Needs work … In stark contrast to the cooperative spirit that produced the HHS construction project, the Health Sciences Center and Comprehensive Cancer Center at Pardee and the Ecusta Trail agreement, county commissioners continue to resist a common sense, fair solution to fund SROs in county public schools in the Hendersonville city limits. Commissioners this week rejected a compromise negotiated by Commission Chair Bill Lapsley to appropriate $205,000 to cover half the annual cost of the school resource officers. As four commissioners who rejected the idea made clear on Monday night, it’s all about the ongoing water wars. Commissioners sounded as if they won’t cooperate with the city on any subject unless the city immediately cedes control of its water and sewer system to the county, equalizes rates and drops its policy requiring annexation in exchange for sewer service. There’s a need for discussion, yes, on the very big topic of utility service, especially considering that the county has just launched a comprehensive land-use rewrite. Holding smaller, achievable, unrelated goals hostage is a poor signal to send on their willingness to cooperate.
Good job! Speaking of HHS … A high school’s quality is based not on its physical attributes — impressive as they will soon be — but on its classroom rigor and faculty dedication and its graduates’ success in life. By that measure, HHS claimed another A-plus with the news that class of ’21 graduate Jake Patterson is heading to Chapel Hill on a prestigious Morehead-Cain scholarship. “I’m a little biased but I think it’s one of the best high schools in the nation,” Jake told the Lightning. “It’s just a great high school because there’s something for everyone and there are people for everyone.”

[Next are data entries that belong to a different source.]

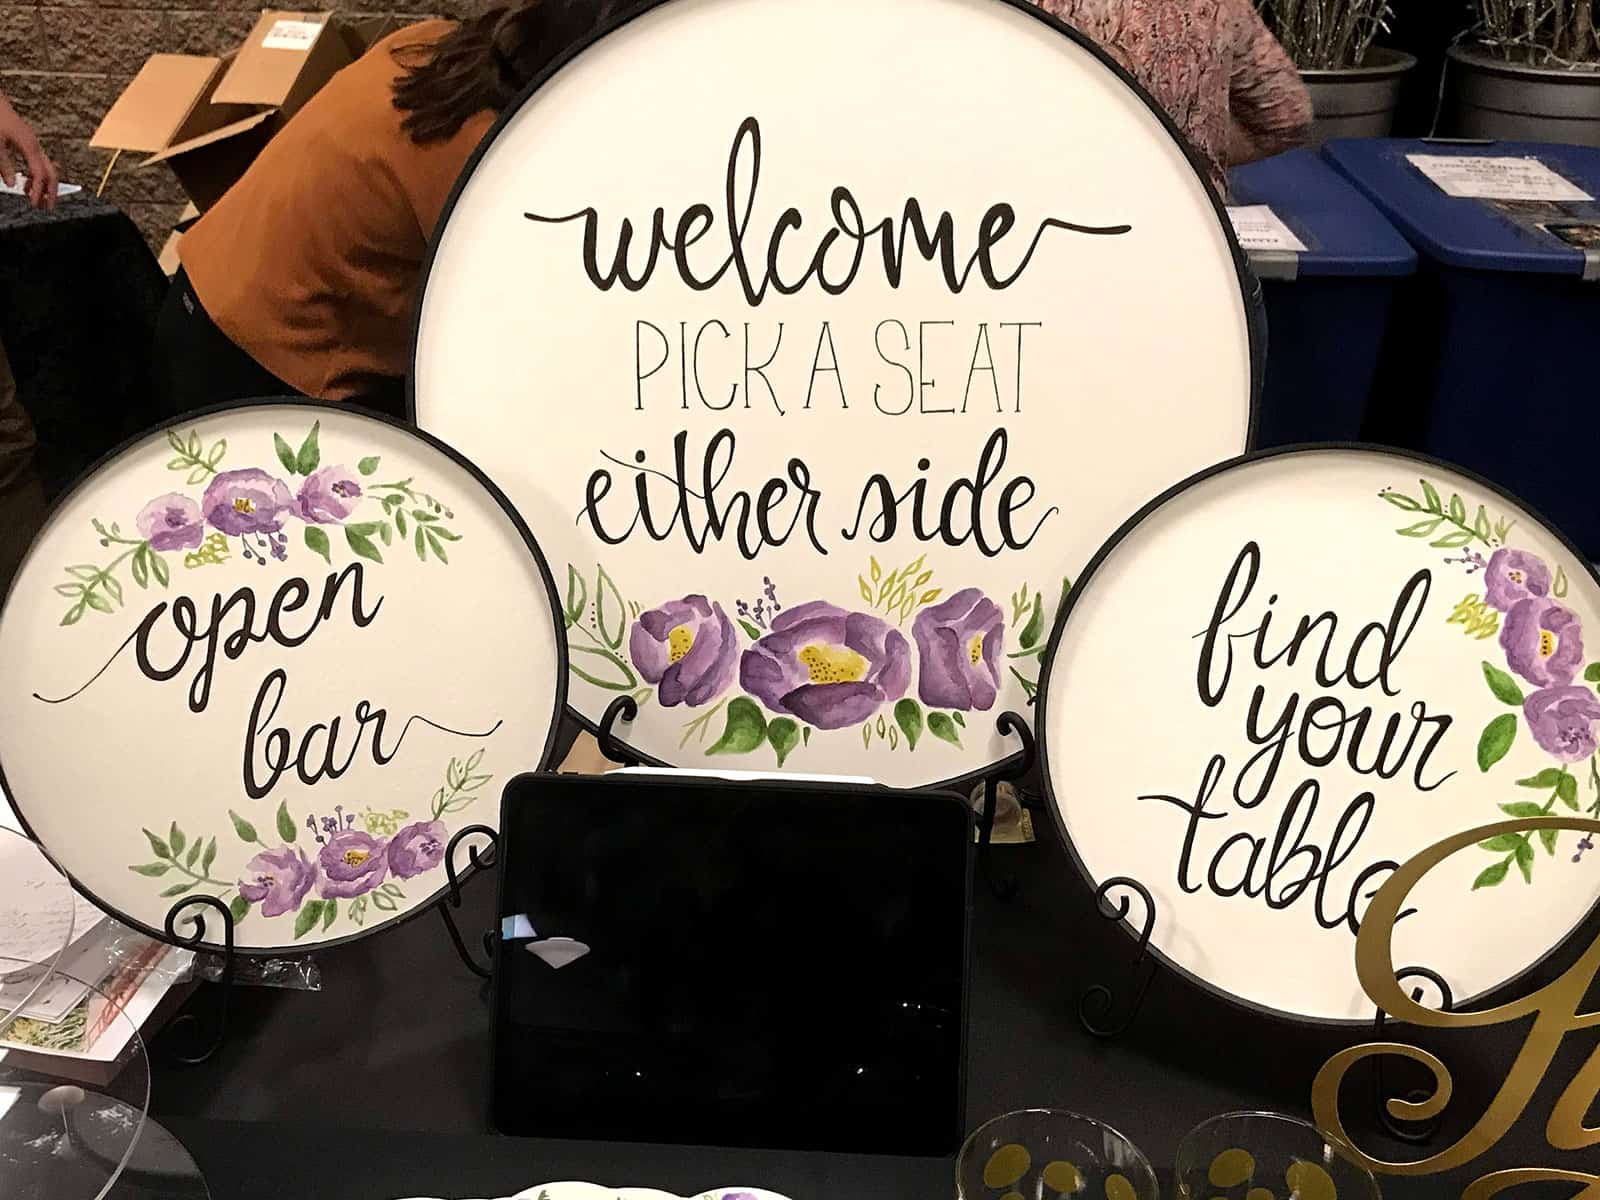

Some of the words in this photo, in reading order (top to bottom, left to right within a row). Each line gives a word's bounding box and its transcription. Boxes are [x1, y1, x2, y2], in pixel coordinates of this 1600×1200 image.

[524, 116, 1132, 307] welcome
[634, 319, 786, 416] PICK
[802, 321, 849, 410] A
[873, 319, 1043, 416] SEAT
[575, 428, 829, 561] either
[841, 427, 1060, 558] side
[32, 561, 385, 714] open
[1191, 540, 1432, 708] find
[243, 668, 504, 800] bar
[1232, 684, 1459, 810] your
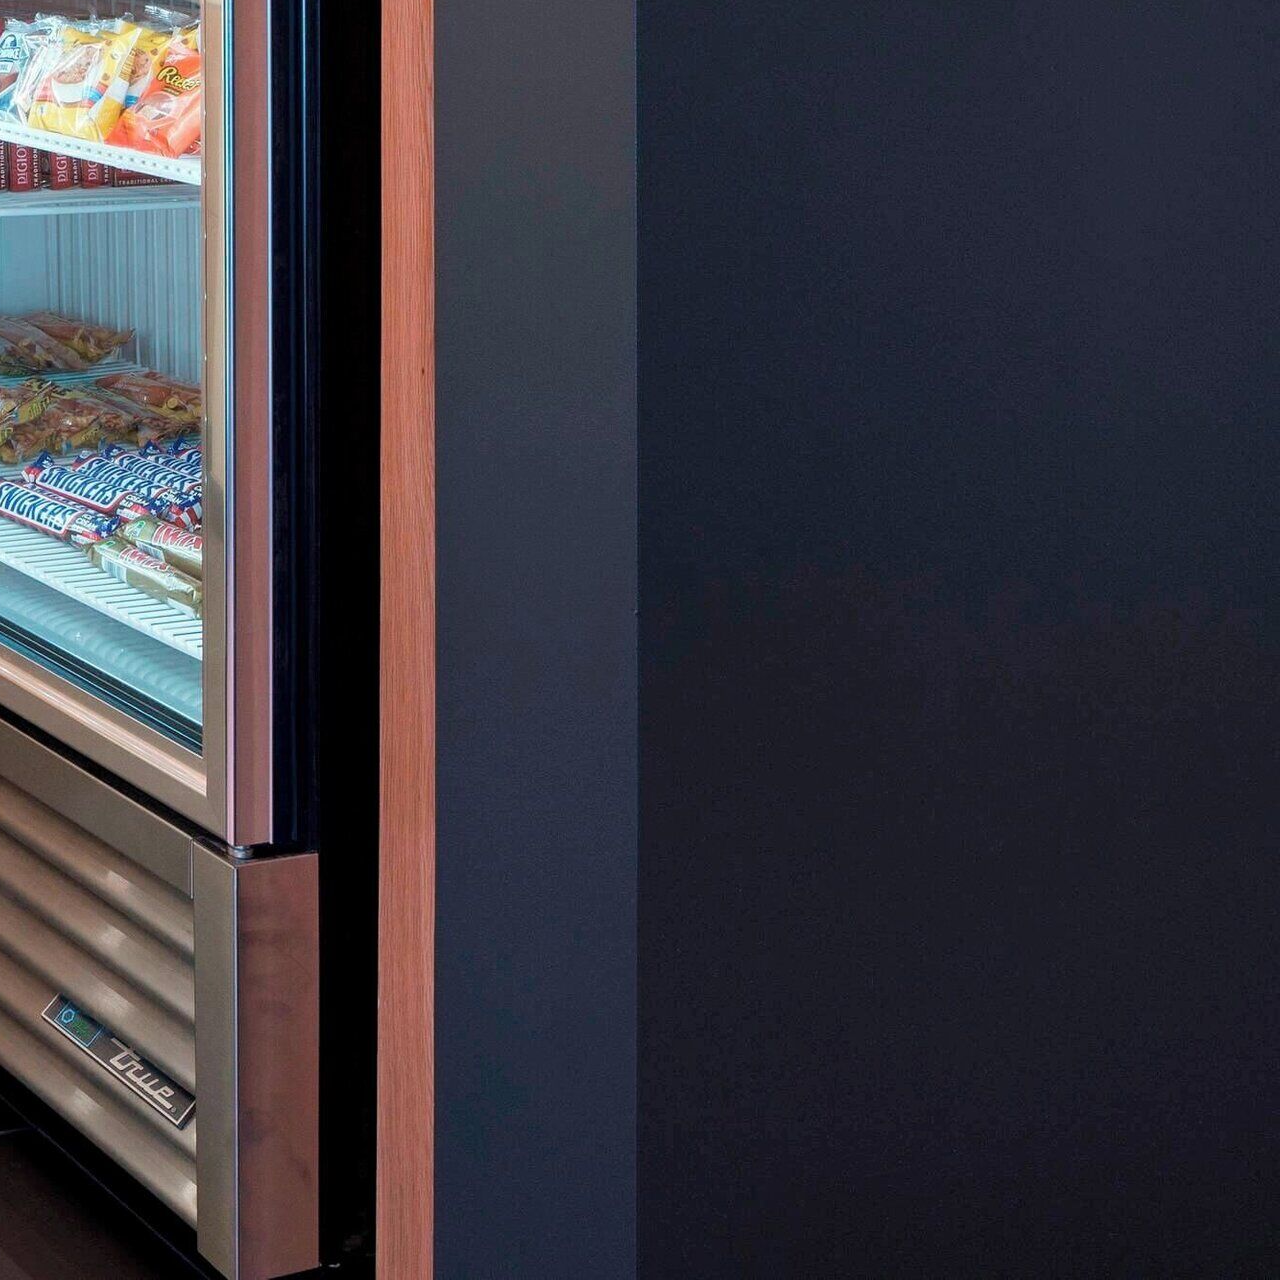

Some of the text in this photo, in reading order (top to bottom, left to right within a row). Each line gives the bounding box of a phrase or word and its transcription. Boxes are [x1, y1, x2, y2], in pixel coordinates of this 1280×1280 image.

[16, 145, 28, 185] DIGIO
[118, 177, 158, 186] TRADITIONAL
[40, 467, 125, 506] SNICKERS
[80, 458, 166, 501] SNICKERS
[117, 454, 200, 493] SNICKERS

Needs work … The Henderson County Elections Board has made a convincing case in its appeal of the county commissioners’ decision to block $16,000 in Covid-related hazard pay for elections office employees. The federal CARES Act money came through the state Elections Board to all 100 counties by the authority of the General Assembly. The state Elections Board’s associate general counsel made clear to Henderson County commissioners that county elections boards’ authority to grant the bonuses is clear, especially given that “no county money is being appropriated and the use of the funds in no way impacts the county government’s budget.” Fortunately, the commissioners' bad call before they had all the information is easily fixable. They should simply reverse their denial of the bonus checks and turn them loose.